Anyway, new question: I've always been interested to why and how did Ethiopia is Christian, and through the years, how did it manage to keep that status?
 
And multiple men, too: European knights usually had more than one horse, even Roman cavalry usually had a pair. Something so easy to emulate could hardly have been the deciding factor between obscurity and such phenomenal military success, after all. You're right, though, to pick up on the length of supply lines, and I would venture that they ran into the same problem as Napoleon. When the line of supply is too long to be effective - it would have taken many months to ship things like food, weapons and fresh horses from Mongolia - the army needs to sustain itself in the field, which only works in a densely populated area which can be easily plundered. At the time of the Mongol invasion, Eastern Europeans would have been too spread out to feed a huge army of the size of the Mongol hordes.
From what I understand, the Mongol armies didn't really operate by supply lines.
 
Anyway, new question: I've always been interested to why and how did Ethiopia is Christian, and through the years, how did it manage to keep that status?

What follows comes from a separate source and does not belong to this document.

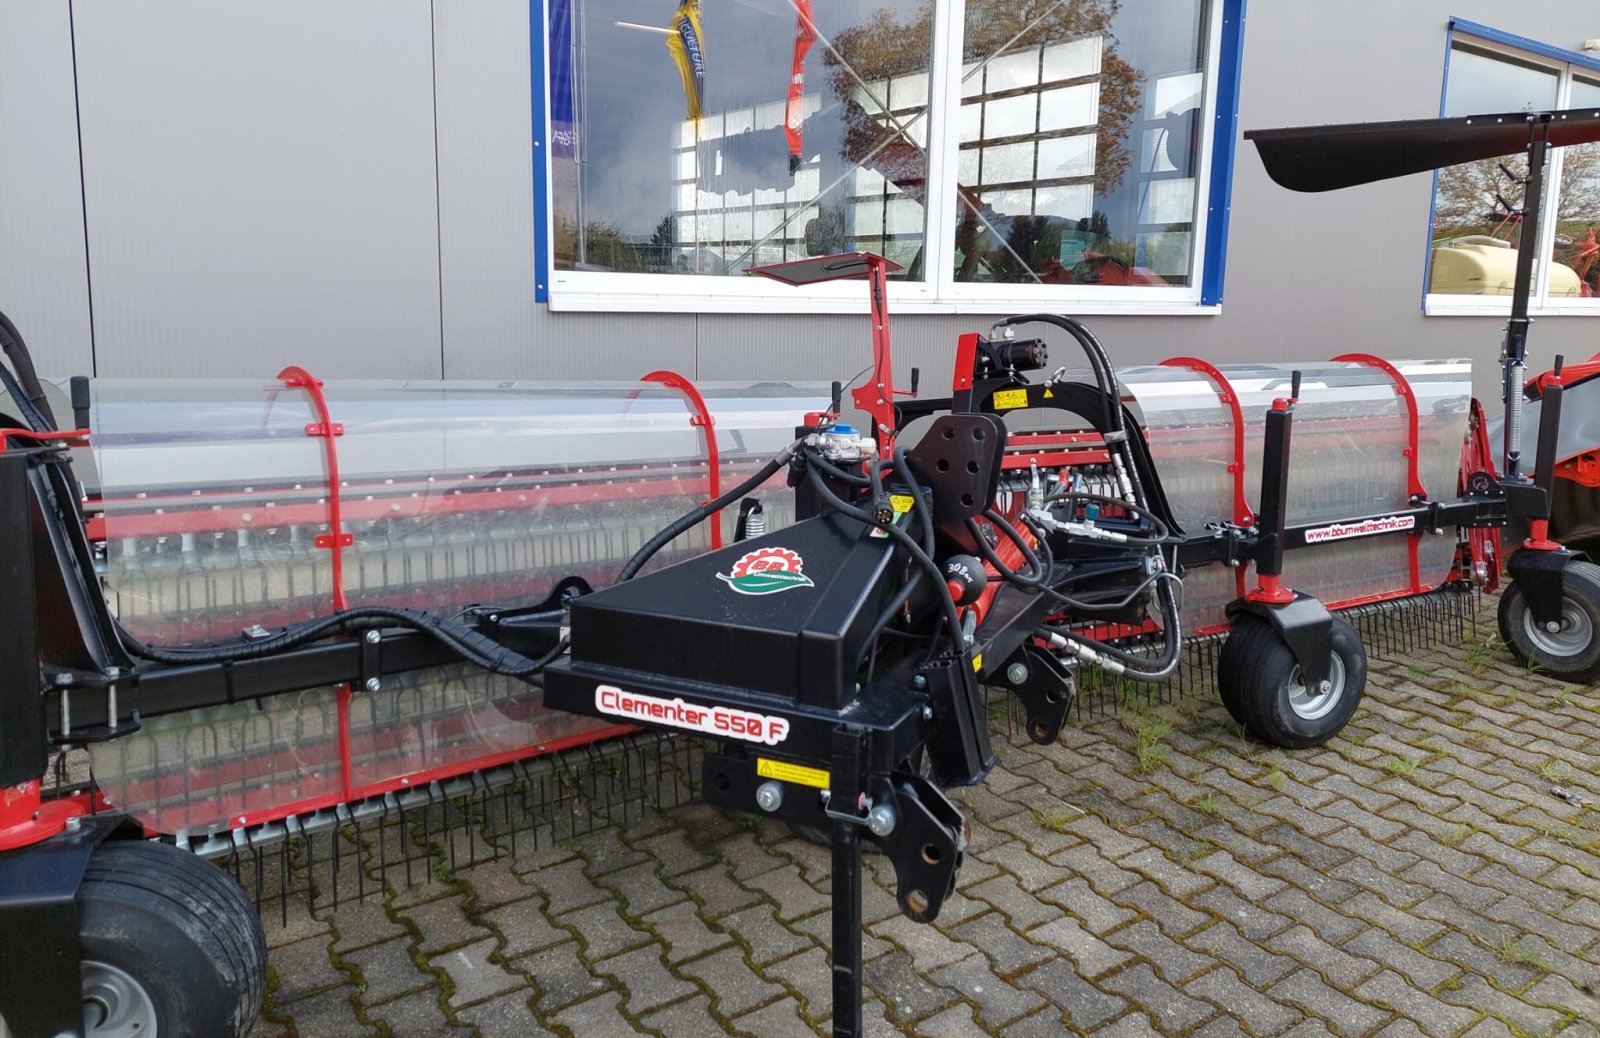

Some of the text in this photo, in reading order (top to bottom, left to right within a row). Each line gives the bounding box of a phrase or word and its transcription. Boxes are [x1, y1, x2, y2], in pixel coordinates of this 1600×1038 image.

[1307, 518, 1414, 540] www.bbumwelttechnik.com
[751, 560, 785, 572] BB
[601, 691, 784, 739] Clementer 550 F

Ethiopia was evangelised by Frumentius, a Christian who was shipwrecked there in the fourth century and did so well at the royal court that he became regent. He visited Alexandria to ask Athanasius to send a bishop to the Ethiopians, and Athanasius responded by appointing Frumentius himself and sending him back. The head of the Ethiopian church, the Abana, would be sent from Alexandria for centuries even when the Ethiopian church was basically self-sufficient.

In around AD 500 a new influx of Christians arrived, the "Nine Saints", probably Monophysite refugees, who initiated a new round of preaching and conversion. As a result of this Ethiopia became (and remains) Monophysite.

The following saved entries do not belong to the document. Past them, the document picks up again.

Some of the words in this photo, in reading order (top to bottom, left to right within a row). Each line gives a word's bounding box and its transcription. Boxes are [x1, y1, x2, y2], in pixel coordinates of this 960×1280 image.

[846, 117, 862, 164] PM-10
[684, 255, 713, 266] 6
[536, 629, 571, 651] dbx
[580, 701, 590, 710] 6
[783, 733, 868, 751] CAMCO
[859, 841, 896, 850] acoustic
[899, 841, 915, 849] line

Ethiopia managed to remain Christian, basically, by not being (successfully) invaded, which it achieved for centuries in virtue of its mountainous location, and after the sixteenth century with the help of alliances with European powers. But it's important to note that it was never entirely Christian. It had large Jewish and Muslim populations, as well as followers of indigenous religions for many centuries. Like most African countries, Ethiopia was always a more-or-less unified alliance of different tribes with their own different cultures.
 
Anyway, new question: I've always been interested to why and how did Ethiopia is Christian, and through the years, how did it manage to keep that status?

The maintenance of an independent Kingdom of Aksum and later Ethiopian states, which remained relatively powerful inland until the European Christians arrived as significant players in the region offsetting Islamic power. Today you will find a clear divide between West (highlands where the Christian state remained strong) and East (lowlands where there was significant Muslim presence) with regards to the dominant religion.

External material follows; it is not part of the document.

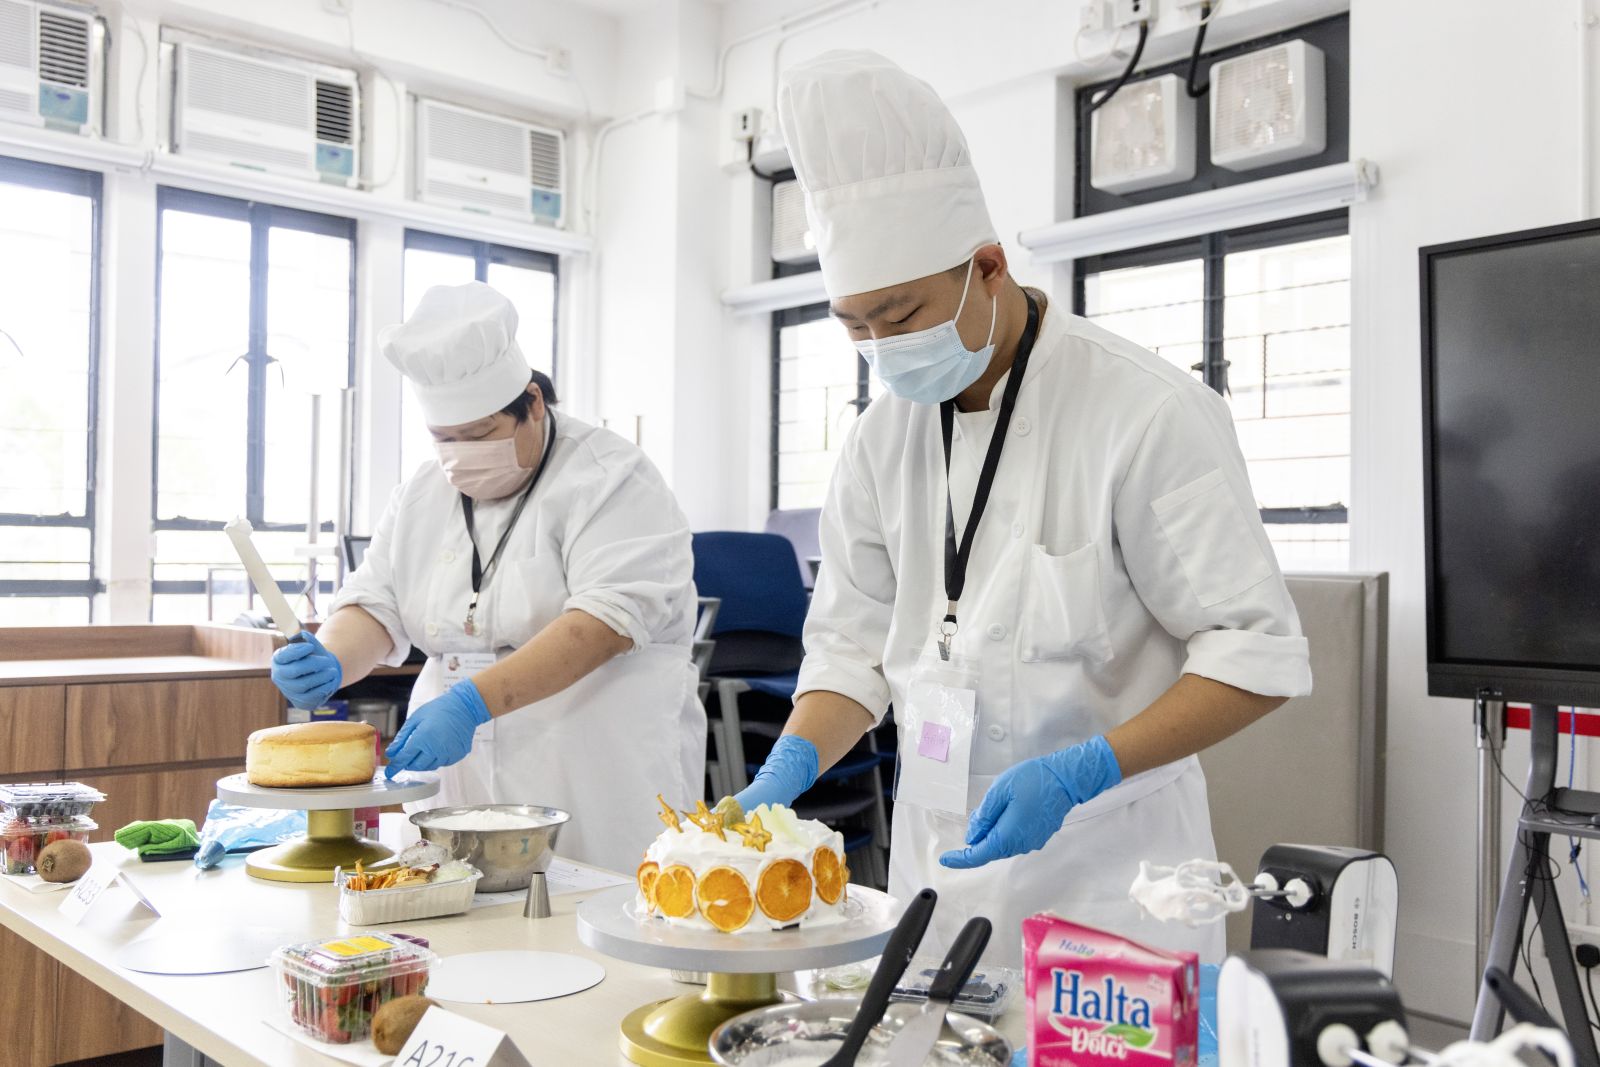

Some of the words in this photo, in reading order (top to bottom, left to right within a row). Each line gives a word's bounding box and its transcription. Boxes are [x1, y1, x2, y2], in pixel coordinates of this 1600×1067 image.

[1059, 939, 1095, 956] Halta
[1052, 970, 1151, 1029] Halta
[1071, 1027, 1127, 1059] Dolci

Why this is the case, is a matter I can't say much about. Although it is interesting that Muhammed apparently provided some protection to Aksum because it accepted Muslim refugees after they were expelled from Mecca
 
Why did the Qing army became so ineffective after Qianlong's reign? During the reign of Qianlong, the Qing military proved itself during the Ten Great Campaigns, winning great victories and showing great skills mostly, with the exception of the Burmese war. So, how did this army became so ineffective only a few years later?